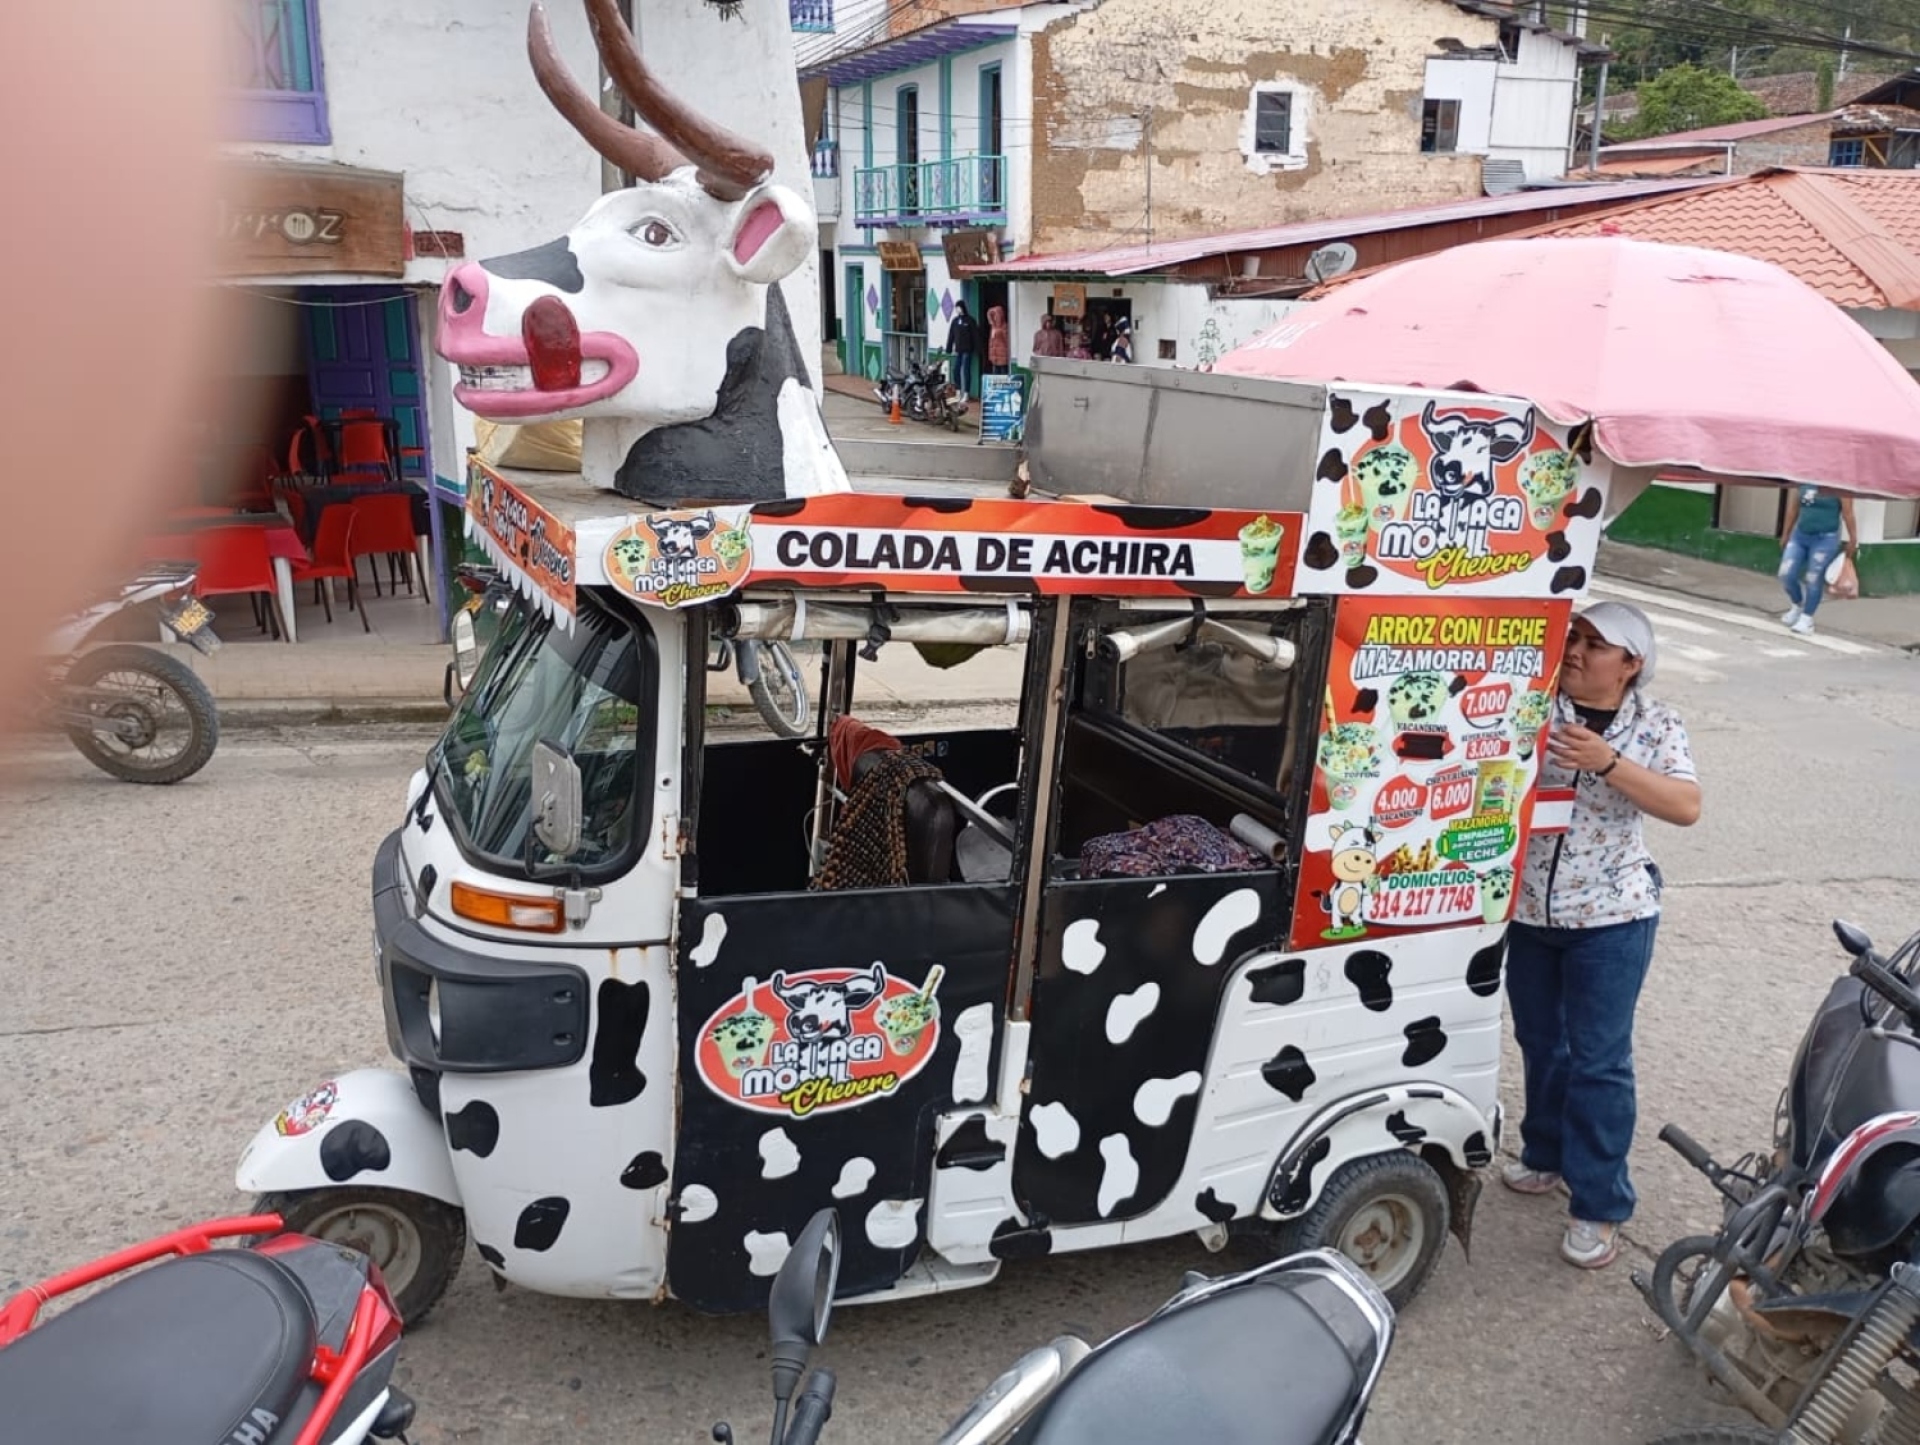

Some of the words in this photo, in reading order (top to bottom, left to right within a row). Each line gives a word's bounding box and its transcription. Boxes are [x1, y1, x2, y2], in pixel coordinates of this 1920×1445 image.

[1413, 492, 1441, 521] LA
[651, 558, 667, 573] LA
[776, 529, 963, 571] COLADA
[975, 537, 1034, 573] DE
[1043, 538, 1195, 577] ACHIRA
[1416, 547, 1531, 589] Chevere
[1364, 616, 1437, 646] ARROZ
[1439, 616, 1484, 647] CON
[1485, 617, 1548, 647] LECHE
[1354, 647, 1487, 680] MAZAMORRA
[1490, 647, 1545, 677] PAISA
[1465, 690, 1507, 717] 7.000
[1468, 740, 1501, 759] 3.000
[1378, 787, 1418, 811] 4.000
[1431, 782, 1470, 810] 6.000
[1450, 814, 1510, 830] MAZAMORRA
[1459, 847, 1499, 861] LECHE
[1388, 870, 1477, 889] DOMICILIOS
[1369, 891, 1400, 920] 314
[1404, 888, 1435, 917] 217
[1437, 885, 1476, 914] 7748
[773, 1043, 800, 1064] LA
[779, 1071, 899, 1115] Chevere

# WORK TO COMPLETE
Would you retype the material exactly, omitting each picture?

# RESPONSE BOX
Some of the words in this photo, in reading order (top to bottom, left to right within a row). Each line gives a word's bounding box and its transcription. Boxes are [x1, y1, x2, y2], in pixel coordinates of this 1920×1445 image.

[1413, 492, 1441, 521] LA
[651, 558, 667, 573] LA
[776, 529, 963, 571] COLADA
[975, 537, 1034, 573] DE
[1043, 538, 1195, 577] ACHIRA
[1416, 547, 1531, 589] Chevere
[1364, 616, 1437, 646] ARROZ
[1439, 616, 1484, 647] CON
[1485, 617, 1548, 647] LECHE
[1354, 647, 1487, 680] MAZAMORRA
[1490, 647, 1545, 677] PAISA
[1465, 690, 1507, 717] 7.000
[1468, 740, 1501, 759] 3.000
[1378, 787, 1418, 811] 4.000
[1431, 782, 1470, 810] 6.000
[1450, 814, 1510, 830] MAZAMORRA
[1459, 847, 1499, 861] LECHE
[1388, 870, 1477, 889] DOMICILIOS
[1369, 891, 1400, 920] 314
[1404, 888, 1435, 917] 217
[1437, 885, 1476, 914] 7748
[773, 1043, 800, 1064] LA
[779, 1071, 899, 1115] Chevere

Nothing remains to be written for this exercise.